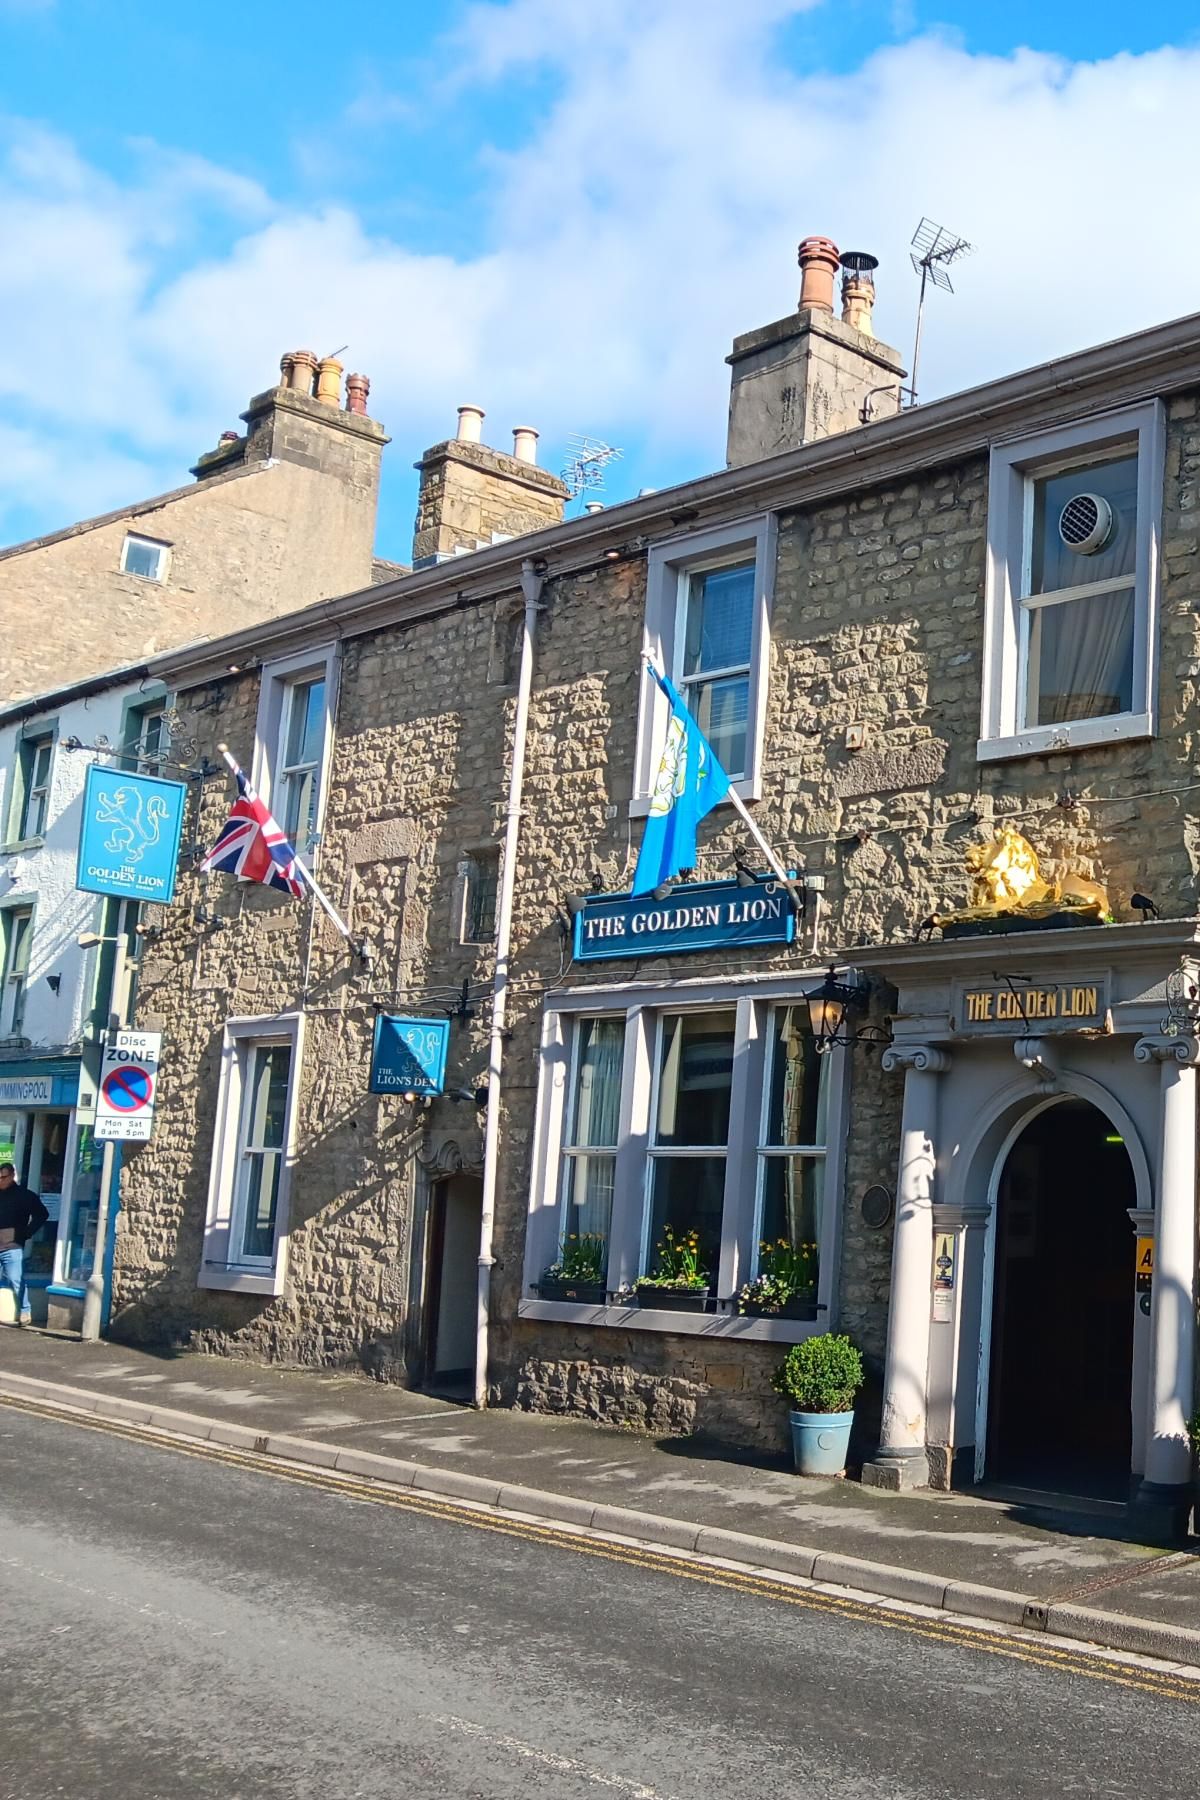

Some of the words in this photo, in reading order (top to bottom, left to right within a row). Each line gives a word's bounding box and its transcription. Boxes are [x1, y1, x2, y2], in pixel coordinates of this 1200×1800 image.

[120, 865, 136, 873] THE
[87, 866, 136, 882] GOLDEN
[137, 875, 165, 887] LION
[584, 914, 626, 939] THE
[631, 905, 720, 935] GOLDEN
[727, 898, 783, 924] LION
[966, 993, 993, 1021] THE
[1060, 986, 1098, 1016] LION
[120, 1036, 147, 1046] Disc
[106, 1048, 155, 1063] ZONE
[377, 1075, 412, 1086] LION'S
[414, 1078, 438, 1087] DEN
[104, 1119, 122, 1127] Mon
[128, 1120, 143, 1128] Sat
---+---
**Aim of the task:**
Exact copy, no pictures: set down all the entries again as they stand.

**Reply to the task:**
Some of the words in this photo, in reading order (top to bottom, left to right within a row). Each line gives a word's bounding box and its transcription. Boxes are [x1, y1, x2, y2], in pixel coordinates of this 1200×1800 image.

[120, 865, 136, 873] THE
[87, 866, 136, 882] GOLDEN
[137, 875, 165, 887] LION
[584, 914, 626, 939] THE
[631, 905, 720, 935] GOLDEN
[727, 898, 783, 924] LION
[966, 993, 993, 1021] THE
[1060, 986, 1098, 1016] LION
[120, 1036, 147, 1046] Disc
[106, 1048, 155, 1063] ZONE
[377, 1075, 412, 1086] LION'S
[414, 1078, 438, 1087] DEN
[104, 1119, 122, 1127] Mon
[128, 1120, 143, 1128] Sat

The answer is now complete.